HR & Employment
정의
A classification under the Fair Labor Standards Act that determines whether an employee is entitled to minimum wage and overtime pay, based on their salary level and job duties.
The exempt vs. non-exempt distinction is governed by the Fair Labor Standards Act (FLSA) and determines which employees are entitled to overtime pay (1.5x their regular rate for hours over 40 in a workweek) and minimum wage protections. Non-exempt employees must be paid at least federal minimum wage and must receive overtime for all hours worked beyond 40 per week. Exempt employees are not entitled to overtime pay regardless of how many hours they work.
To qualify as exempt under the FLSA, an employee must generally meet three criteria: the salary basis test (paid a fixed salary not subject to reduction based on hours worked), the salary level test (earning at least $684 per week as of 2020, with the DOL periodically updating this threshold), and a duties test establishing that the employee's primary responsibilities qualify them under one of the recognized exemption categories — executive, administrative, professional, computer, or outside sales.

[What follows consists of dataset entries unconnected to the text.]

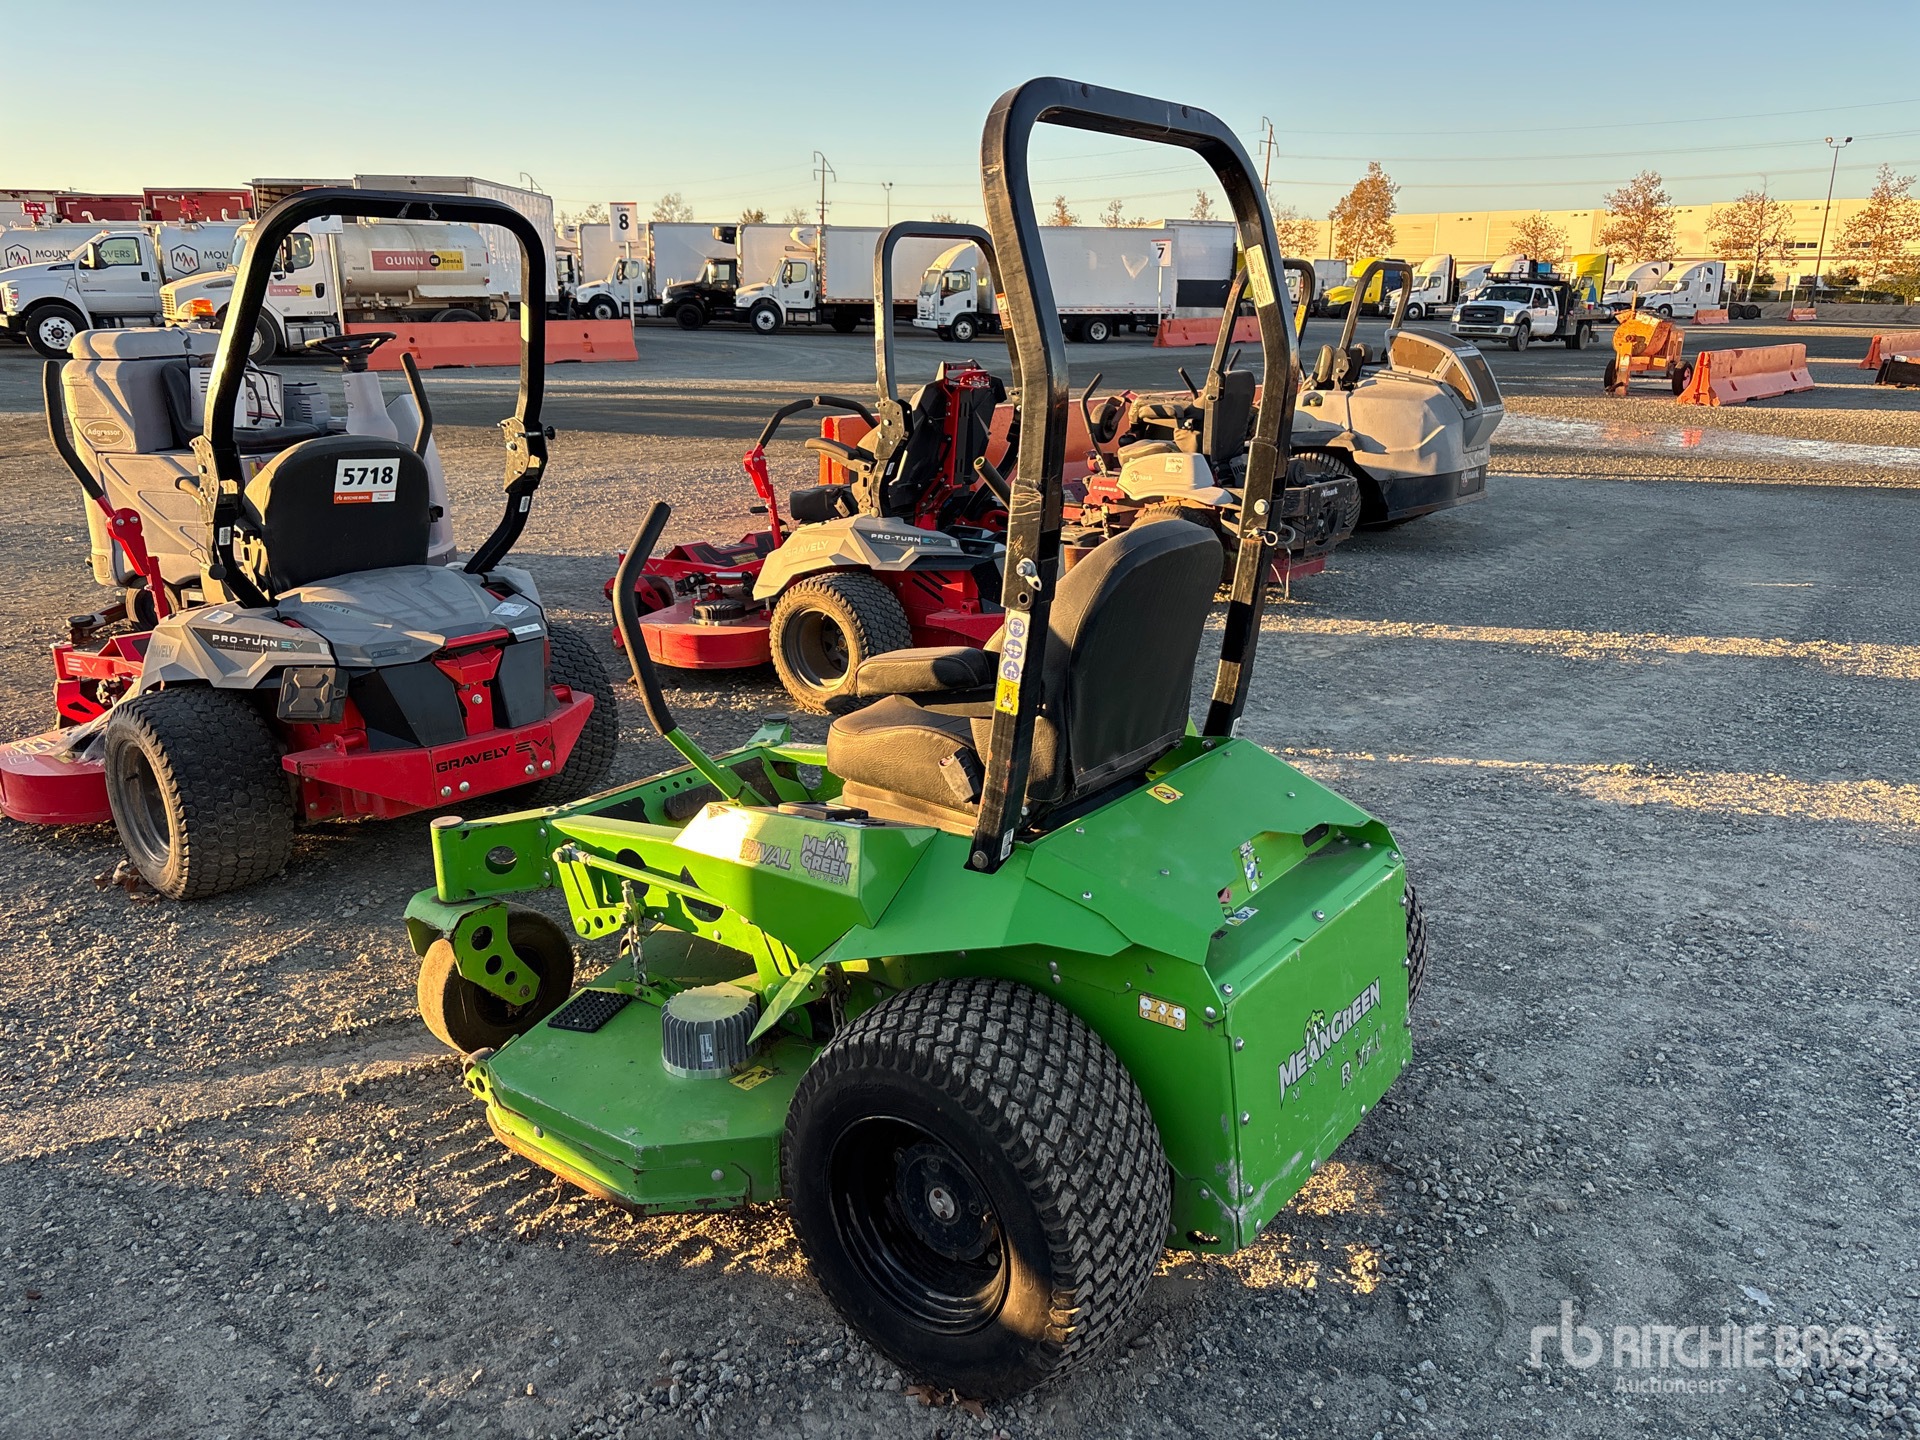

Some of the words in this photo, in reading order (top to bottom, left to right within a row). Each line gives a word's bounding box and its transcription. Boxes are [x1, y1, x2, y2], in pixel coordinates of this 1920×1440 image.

[618, 213, 630, 231] 8
[101, 249, 131, 258] OVERS
[385, 256, 424, 265] QUINN
[1157, 247, 1165, 259] 7
[1518, 264, 1525, 273] 5
[87, 428, 121, 437] Adgressor
[342, 466, 394, 486] 5718
[870, 533, 921, 543] PRO-TURN
[784, 540, 828, 558] GRAVELY
[212, 634, 278, 648] PRO-TURN
[436, 746, 511, 773] GRAVELY
[515, 736, 549, 753] EV
[740, 837, 791, 870] RIVAL
[802, 834, 848, 861] MEAN
[801, 850, 852, 886] GREEN

The duties tests are complex and frequently misapplied. An employee with an impressive title and a salary above the threshold is not automatically exempt if their actual day-to-day work does not meet the duties criteria. For example, the administrative exemption requires the exercise of discretion and independent judgment on significant matters — not just performing administrative tasks. Misclassifying a non-exempt employee as exempt is one of the most common — and expensive — wage and hour violations employers face.
Many states have enacted their own overtime and minimum wage laws that are more stringent than the FLSA. California, for example, requires daily overtime (over 8 hours in a day) and has a higher salary threshold for exemption. Employers must comply with whichever law — federal or state — provides greater protections to the employee.

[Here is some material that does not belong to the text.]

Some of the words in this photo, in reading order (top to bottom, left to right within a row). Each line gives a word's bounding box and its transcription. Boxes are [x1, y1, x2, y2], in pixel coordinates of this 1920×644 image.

Misclassifying a non-exempt employee as exempt can result in liability for up to three years of unpaid overtime, plus an equal amount in liquidated damages, plus attorney's fees. In industries like retail, food service, healthcare, and manufacturing where employees regularly work long hours, this exposure can reach hundreds of thousands of dollars per employee and frequently results in class action lawsuits covering entire job classifications.
An HR consultant can audit your workforce classifications against current FLSA and state-law standards and identify any positions that need reclassification. An employment attorney should be involved whenever a classification decision is ambiguous — particularly for roles that are genuinely borderline between exempt and non-exempt — so the decision is documented and defensible. Getting this right proactively costs far less than resolving a wage and hour claim after the fact.